(INPUT begins)
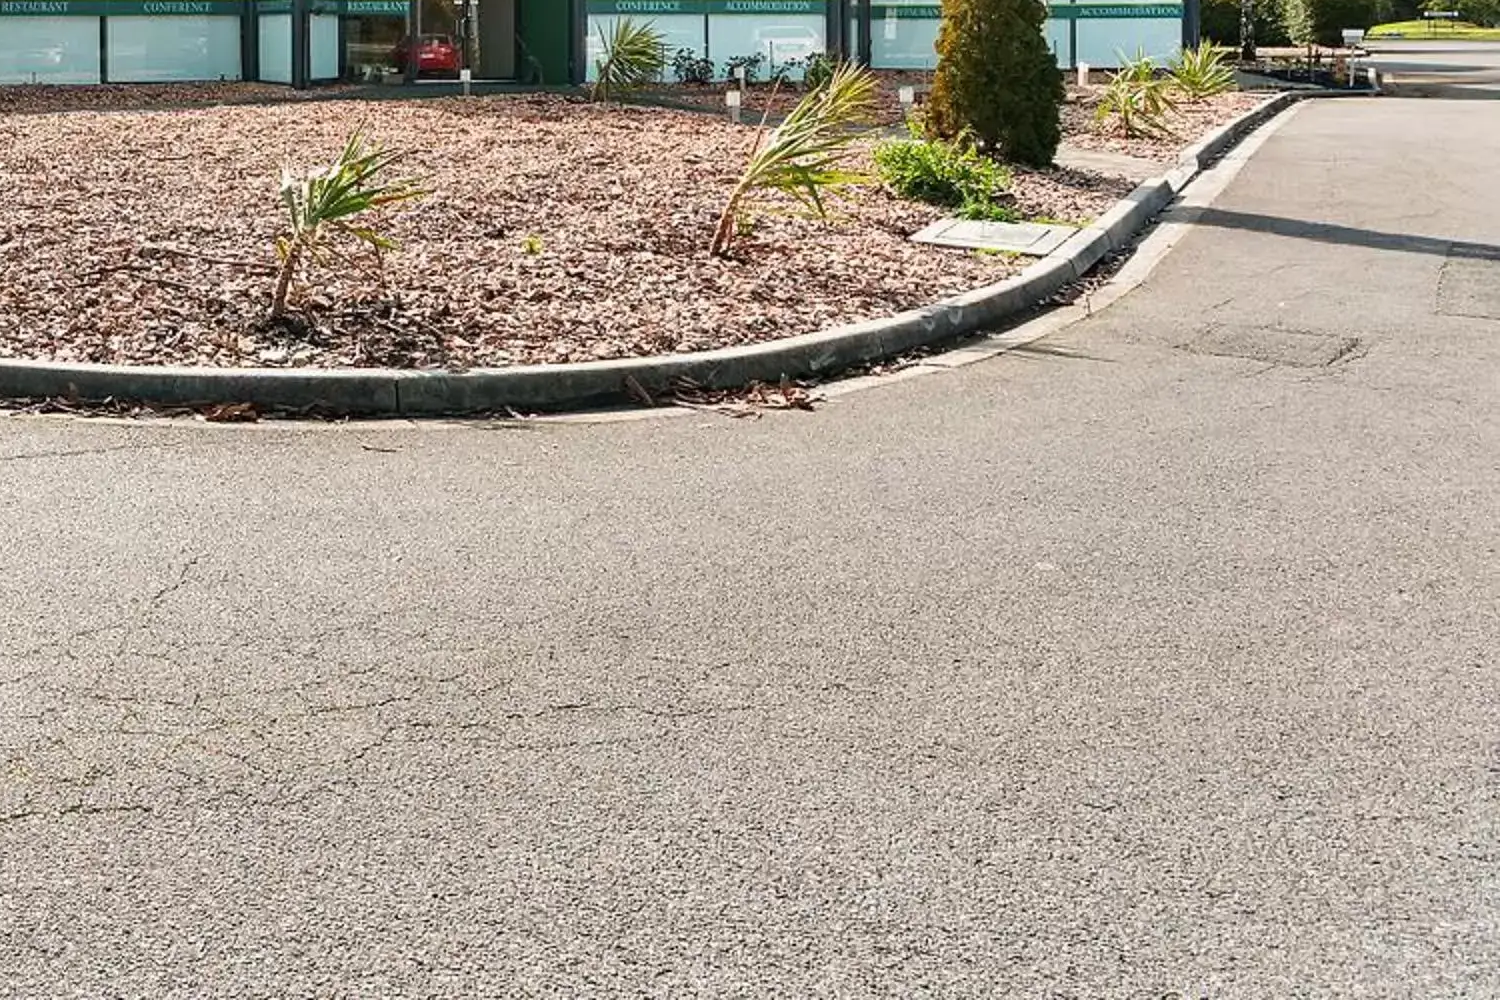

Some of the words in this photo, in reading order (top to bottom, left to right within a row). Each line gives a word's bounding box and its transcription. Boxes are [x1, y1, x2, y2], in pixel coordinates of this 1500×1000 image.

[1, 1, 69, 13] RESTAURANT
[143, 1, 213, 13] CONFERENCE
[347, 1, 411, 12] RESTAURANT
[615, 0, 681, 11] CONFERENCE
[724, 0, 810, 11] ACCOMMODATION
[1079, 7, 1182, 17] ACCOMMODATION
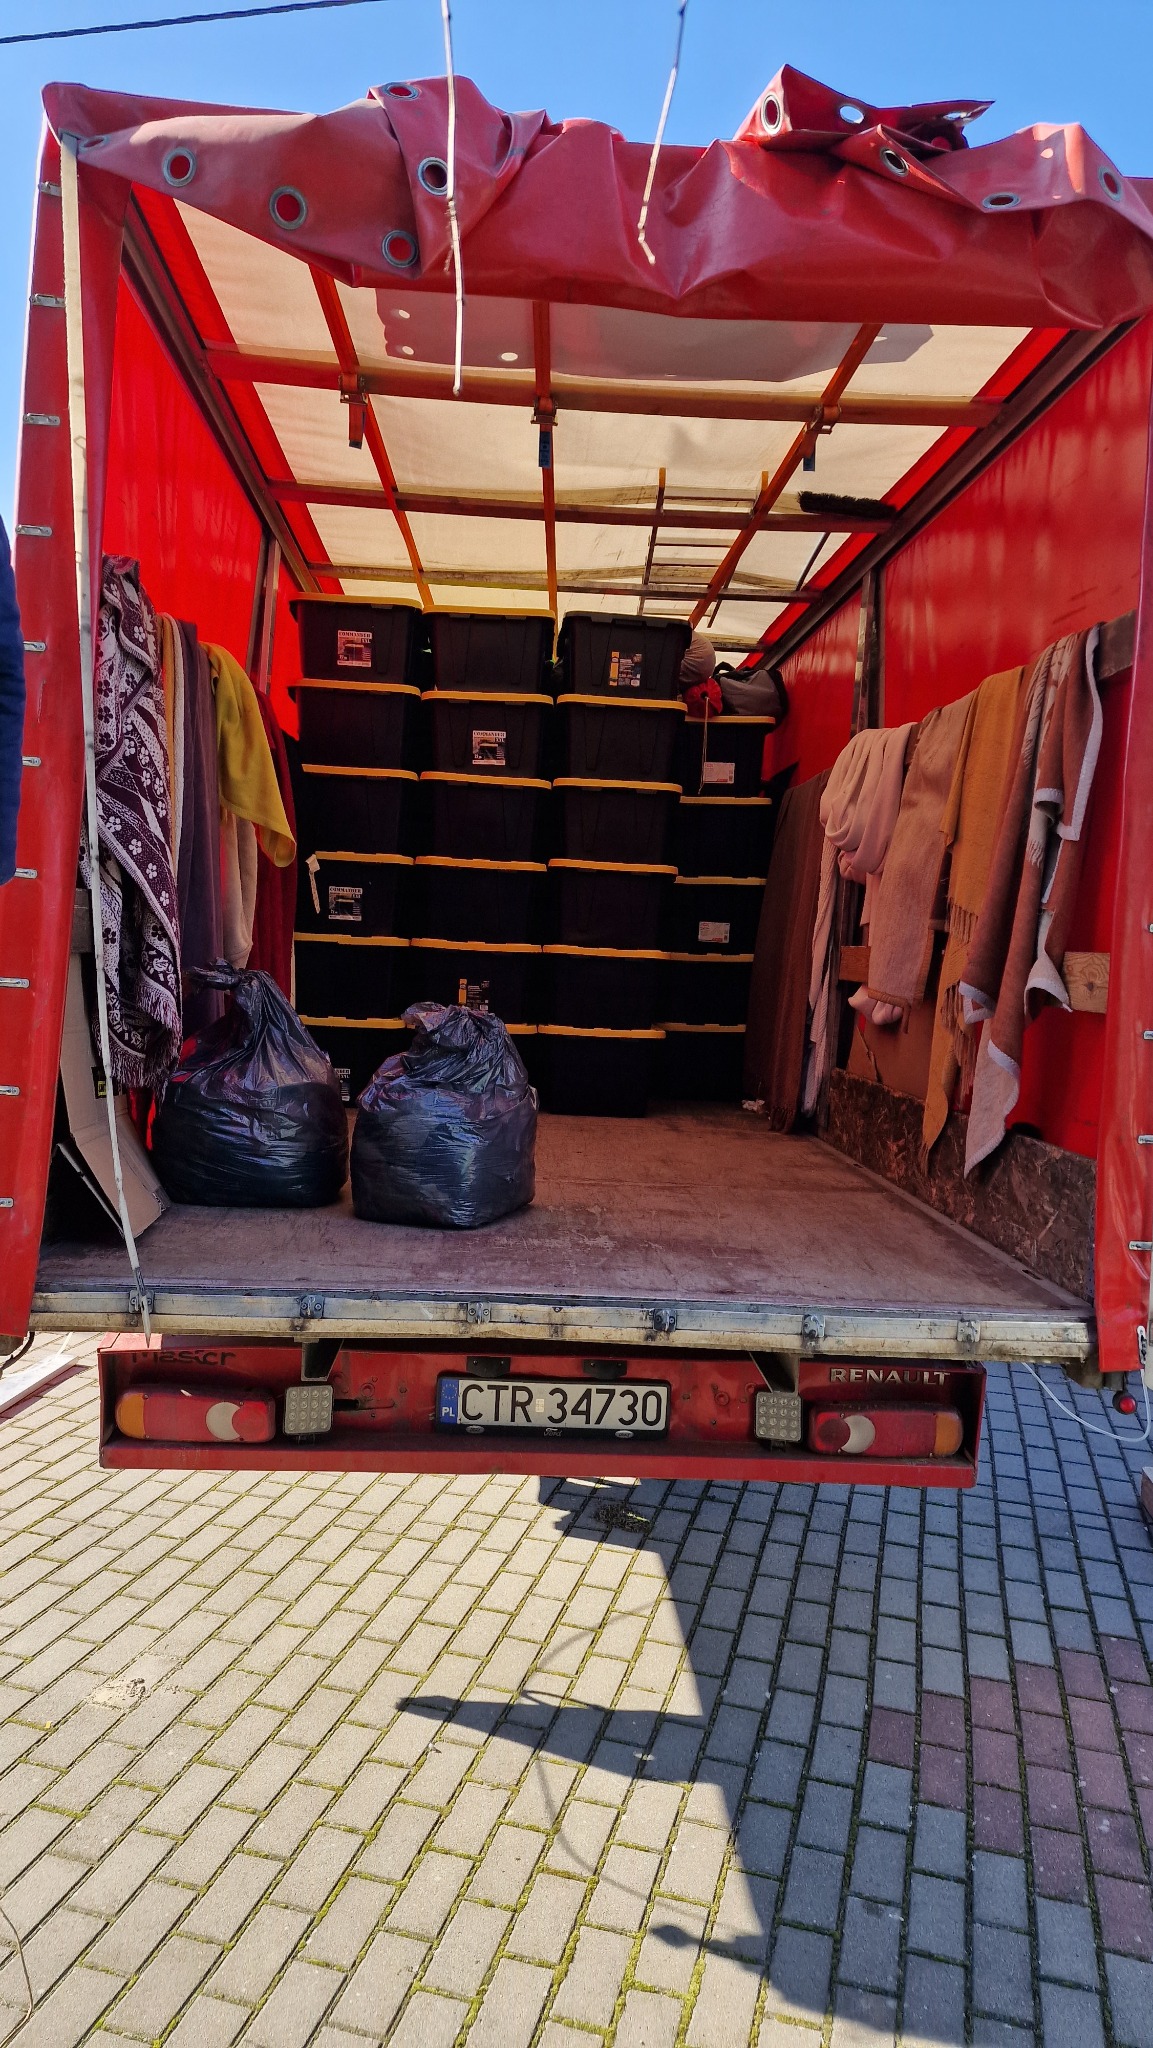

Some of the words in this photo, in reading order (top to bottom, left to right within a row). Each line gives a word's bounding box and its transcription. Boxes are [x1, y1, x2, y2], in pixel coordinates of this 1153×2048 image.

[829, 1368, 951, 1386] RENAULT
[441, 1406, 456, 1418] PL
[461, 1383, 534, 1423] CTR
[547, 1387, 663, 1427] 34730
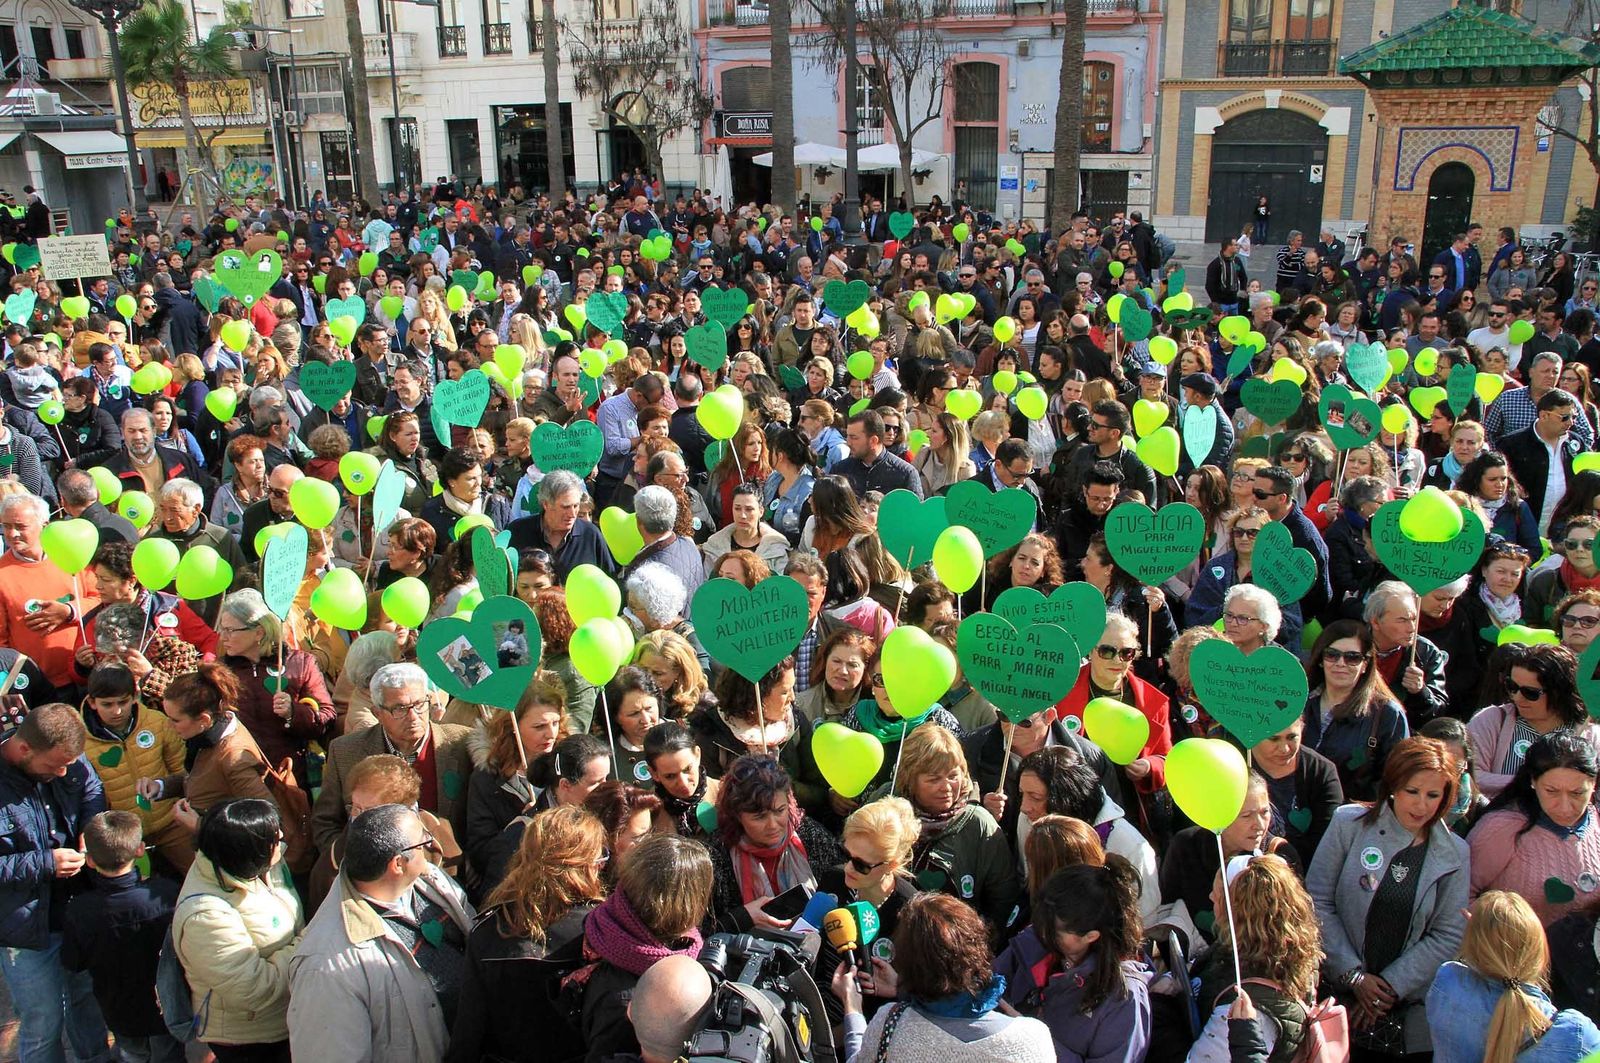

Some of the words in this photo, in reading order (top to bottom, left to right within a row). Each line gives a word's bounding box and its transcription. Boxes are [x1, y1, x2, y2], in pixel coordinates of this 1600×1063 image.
(INPUT ends)
After removing the pictures, transcribe the listing above exactly.

ANSWER SPACE
Some of the words in this photo, in reading order (top to bottom, left to right within a row). Each line gives a word's bounding box and its transcription. Boxes are [x1, y1, x2, y2], in pixel coordinates of this 1500×1000 image.

[1, 1, 69, 13] RESTAURANT
[143, 1, 213, 13] CONFERENCE
[347, 1, 411, 12] RESTAURANT
[615, 0, 681, 11] CONFERENCE
[724, 0, 810, 11] ACCOMMODATION
[1079, 7, 1182, 17] ACCOMMODATION

Some of the words in this photo, in reading order (top to bottom, left to right within a row). Each line gives a word's bounding box and its transcription. Boxes are [x1, y1, x2, y2], in pixel coordinates of this 1153×2048 image.

[829, 1368, 951, 1386] RENAULT
[441, 1406, 456, 1418] PL
[461, 1383, 534, 1423] CTR
[547, 1387, 663, 1427] 34730

Some of the words in this photo, in reading order (top to bottom, left to right within a row). Each line gives a word's bounding box and its transcription. Boxes are [x1, y1, x2, y2], in pixel coordinates of this 1600×1063 image.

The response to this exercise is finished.